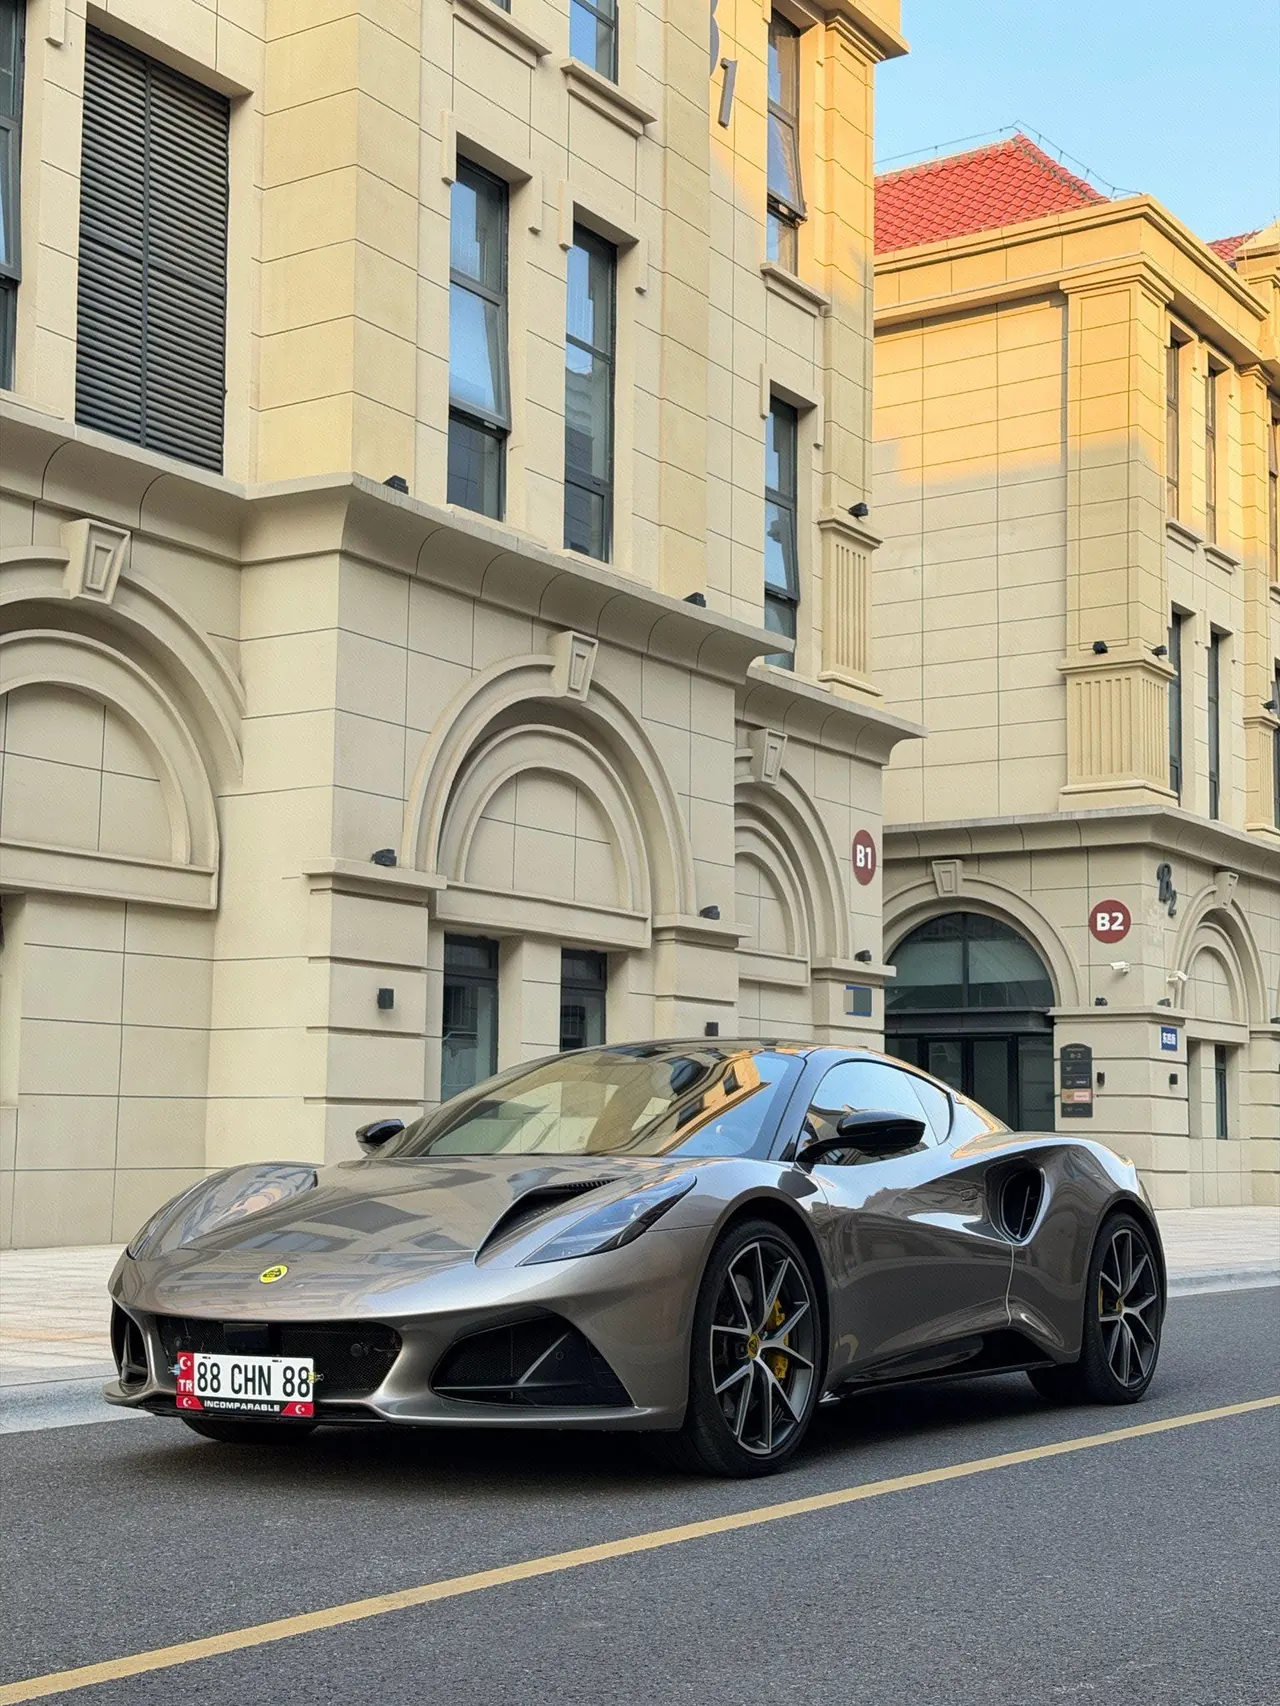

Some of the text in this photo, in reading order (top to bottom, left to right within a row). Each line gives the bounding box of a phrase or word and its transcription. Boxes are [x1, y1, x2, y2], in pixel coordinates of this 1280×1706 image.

[856, 844, 872, 870] B1
[1096, 912, 1124, 931] B2
[178, 1379, 193, 1392] TR
[197, 1362, 310, 1398] 88 CHN 88
[204, 1400, 280, 1412] INCOMPARABLE
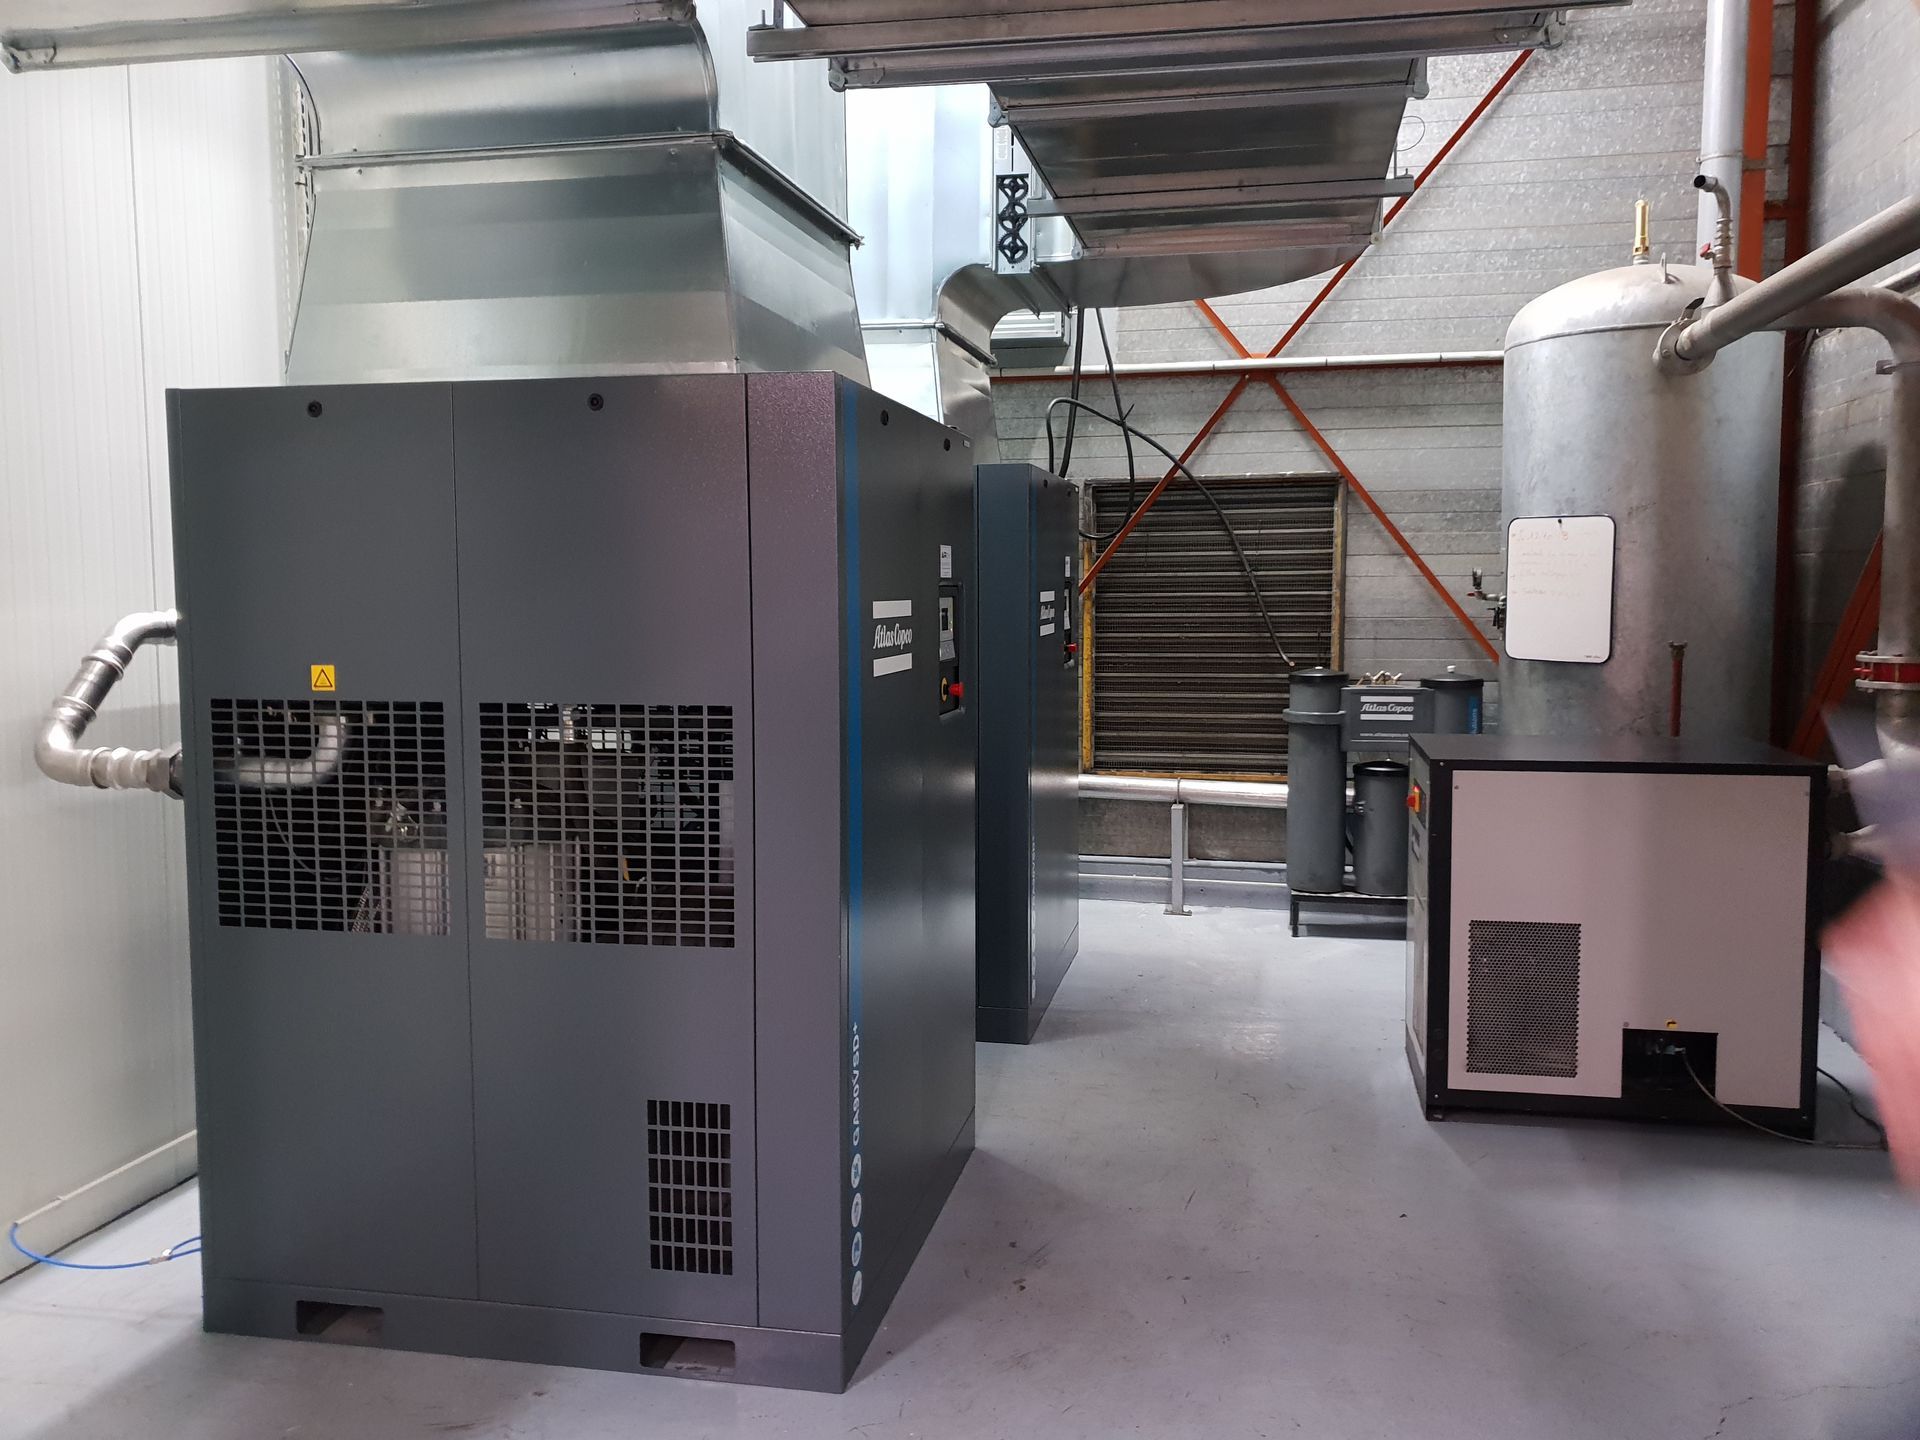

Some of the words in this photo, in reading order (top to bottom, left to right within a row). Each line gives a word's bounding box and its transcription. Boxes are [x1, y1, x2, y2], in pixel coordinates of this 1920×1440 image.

[873, 624, 894, 649] Atlas
[894, 623, 913, 650] Copco
[1360, 703, 1387, 712] Atlas
[1388, 703, 1414, 714] Copco
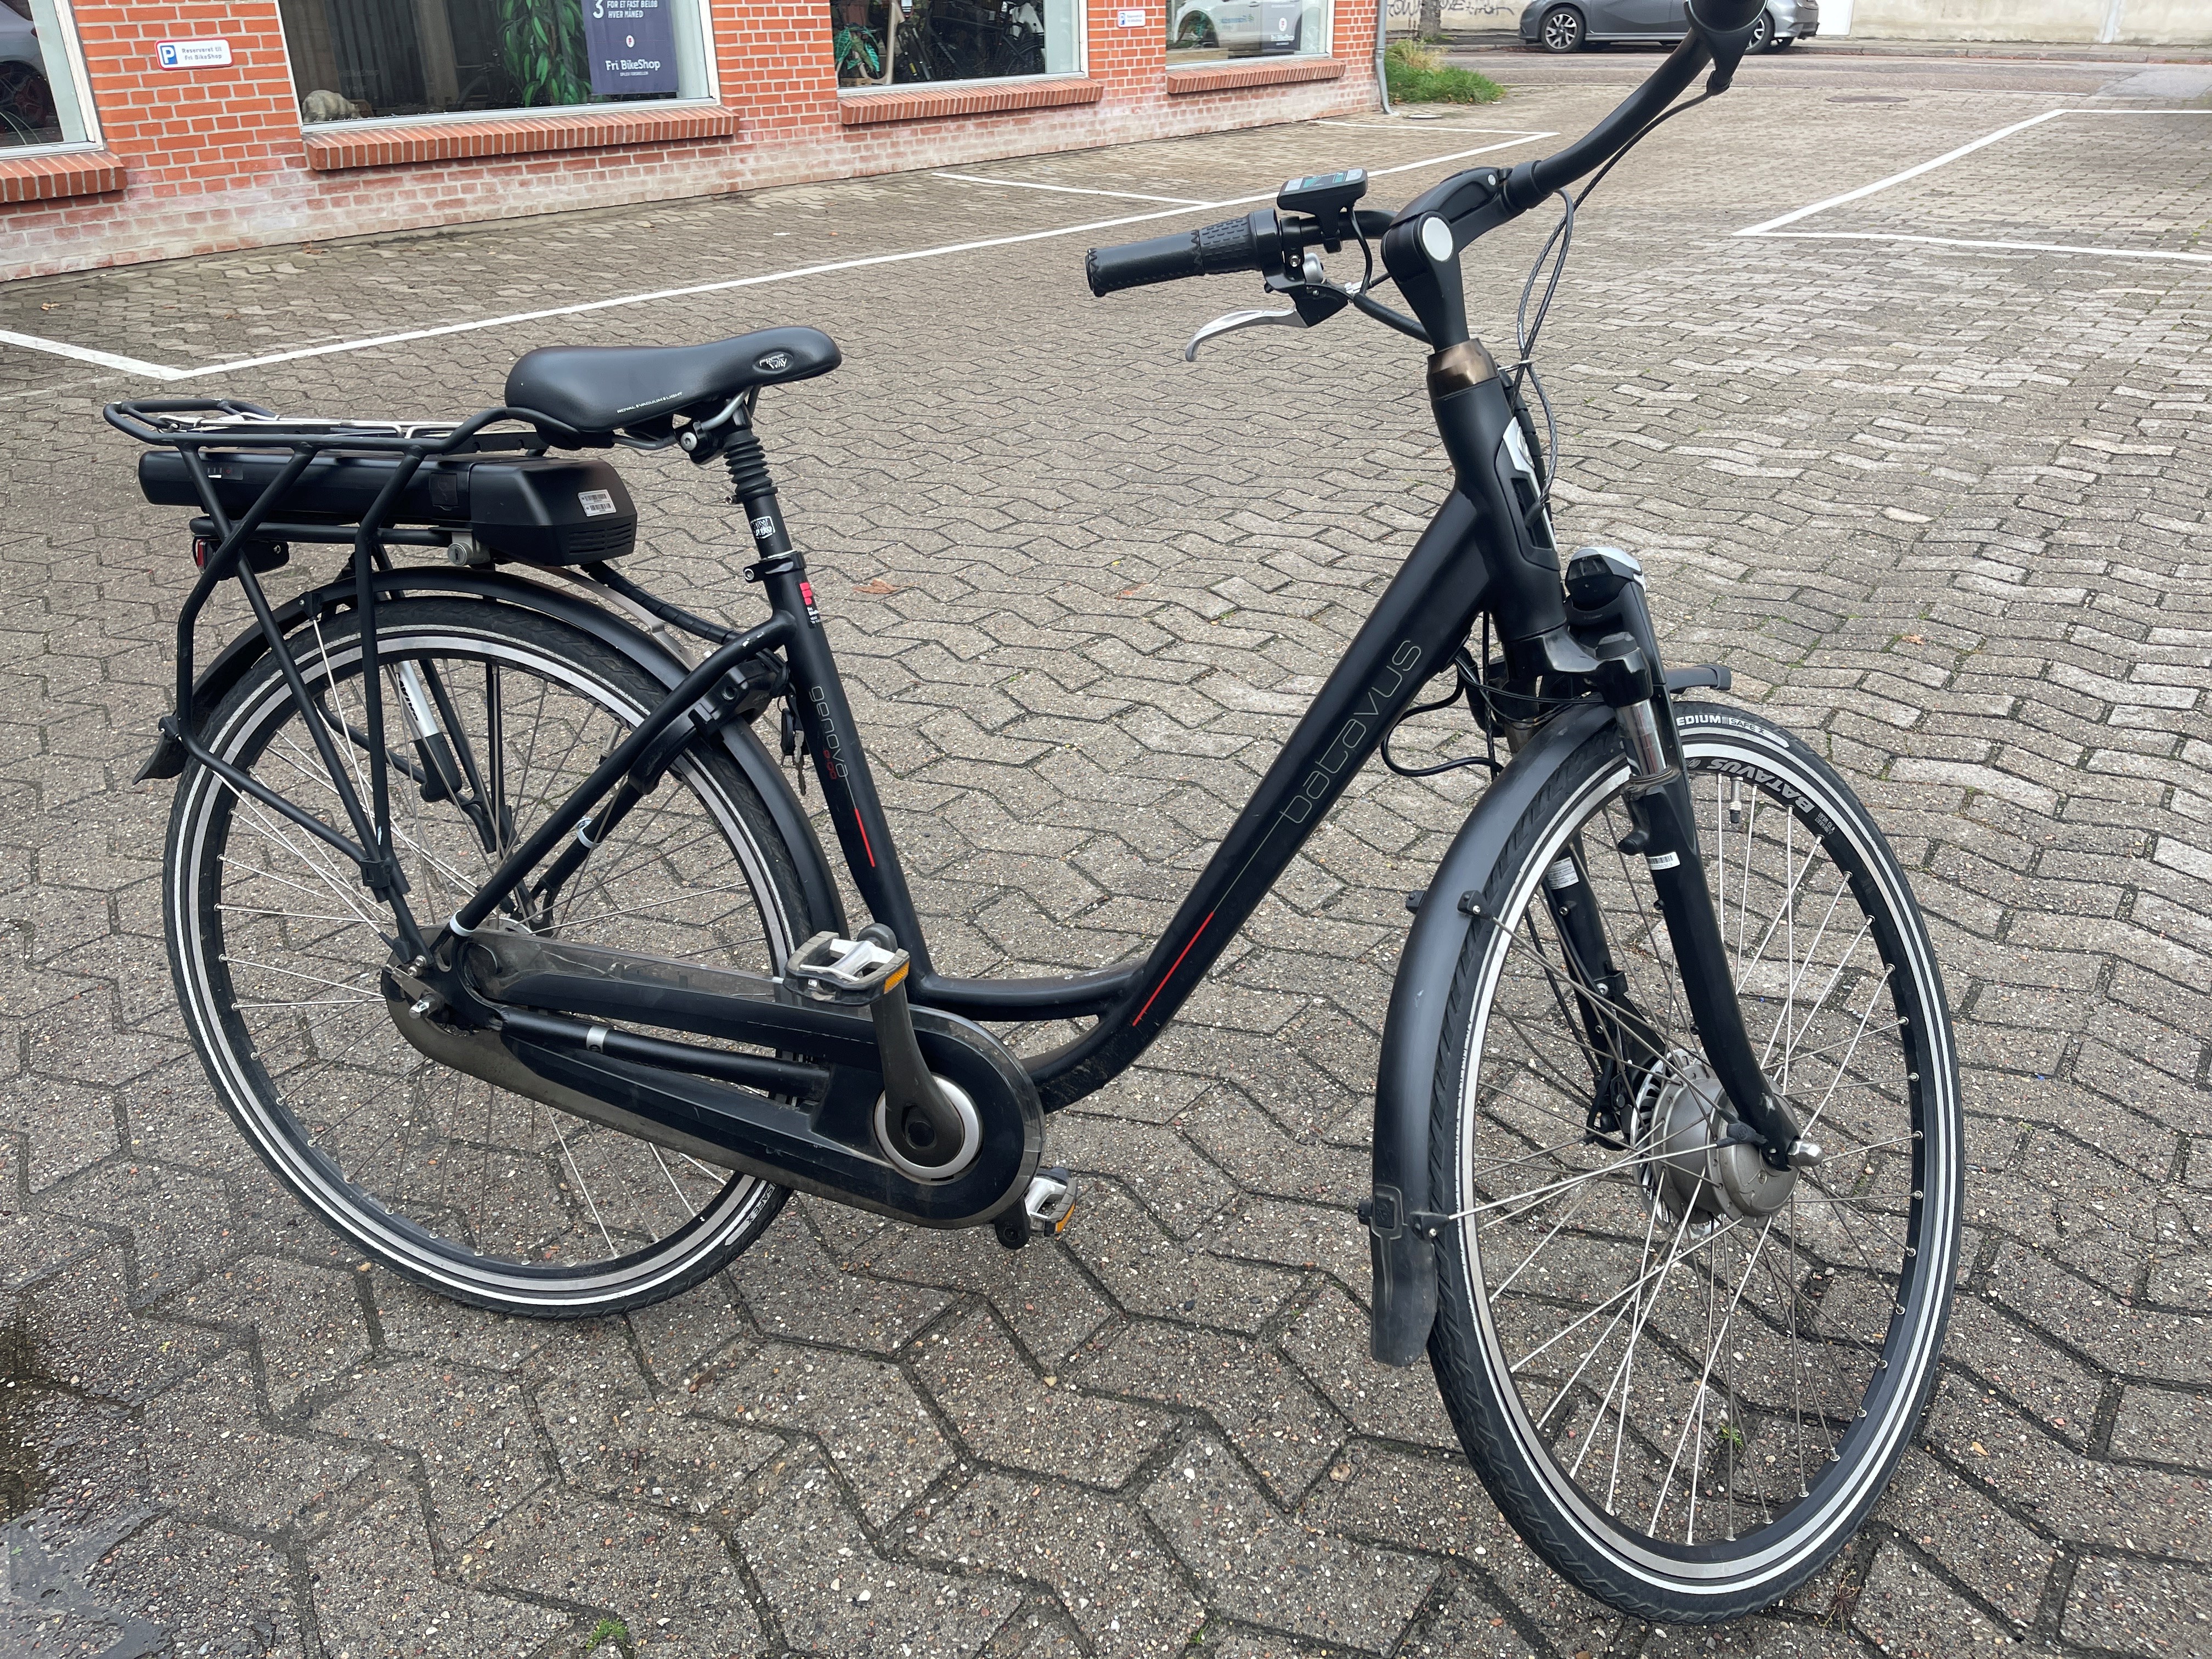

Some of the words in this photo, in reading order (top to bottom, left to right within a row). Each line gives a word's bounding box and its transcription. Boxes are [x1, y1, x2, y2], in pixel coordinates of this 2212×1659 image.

[161, 47, 176, 64] P
[605, 60, 619, 71] Fri
[620, 59, 661, 71] BikeShop
[617, 405, 636, 414] ROYAL
[1676, 714, 1722, 726] EDIUM
[1730, 719, 1756, 731] SAFE
[808, 685, 849, 778] genova
[1706, 758, 1815, 814] BATAVUS
[753, 1186, 773, 1215] SAFE
[746, 1215, 754, 1224] X

━━━━━━━━━━

An exact copy of the entries, minus the pictures, is what to return.

Task result:
Some of the text in this photo, in reading order (top to bottom, left to right within a row). Each line gives the bounding box of a phrase or word and its transcription. Boxes are [x1, y1, x2, y2], in pixel coordinates of this 1280×1706 image.

[856, 844, 872, 870] B1
[1096, 912, 1124, 931] B2
[178, 1379, 193, 1392] TR
[197, 1362, 310, 1398] 88 CHN 88
[204, 1400, 280, 1412] INCOMPARABLE

Some of the words in this photo, in reading order (top to bottom, left to right within a row). Each line gives a word's bounding box and its transcription. Boxes are [x1, y1, x2, y2], in pixel coordinates of this 1920×1440 image.

[873, 624, 894, 649] Atlas
[894, 623, 913, 650] Copco
[1360, 703, 1387, 712] Atlas
[1388, 703, 1414, 714] Copco

Some of the words in this photo, in reading order (top to bottom, left to right within a row). Each line gives a word's bounding box and its transcription. Boxes are [x1, y1, x2, y2], in pixel coordinates of this 2212×1659 image.

[161, 47, 176, 64] P
[605, 60, 619, 71] Fri
[620, 59, 661, 71] BikeShop
[617, 405, 636, 414] ROYAL
[1676, 714, 1722, 726] EDIUM
[1730, 719, 1756, 731] SAFE
[808, 685, 849, 778] genova
[1706, 758, 1815, 814] BATAVUS
[753, 1186, 773, 1215] SAFE
[746, 1215, 754, 1224] X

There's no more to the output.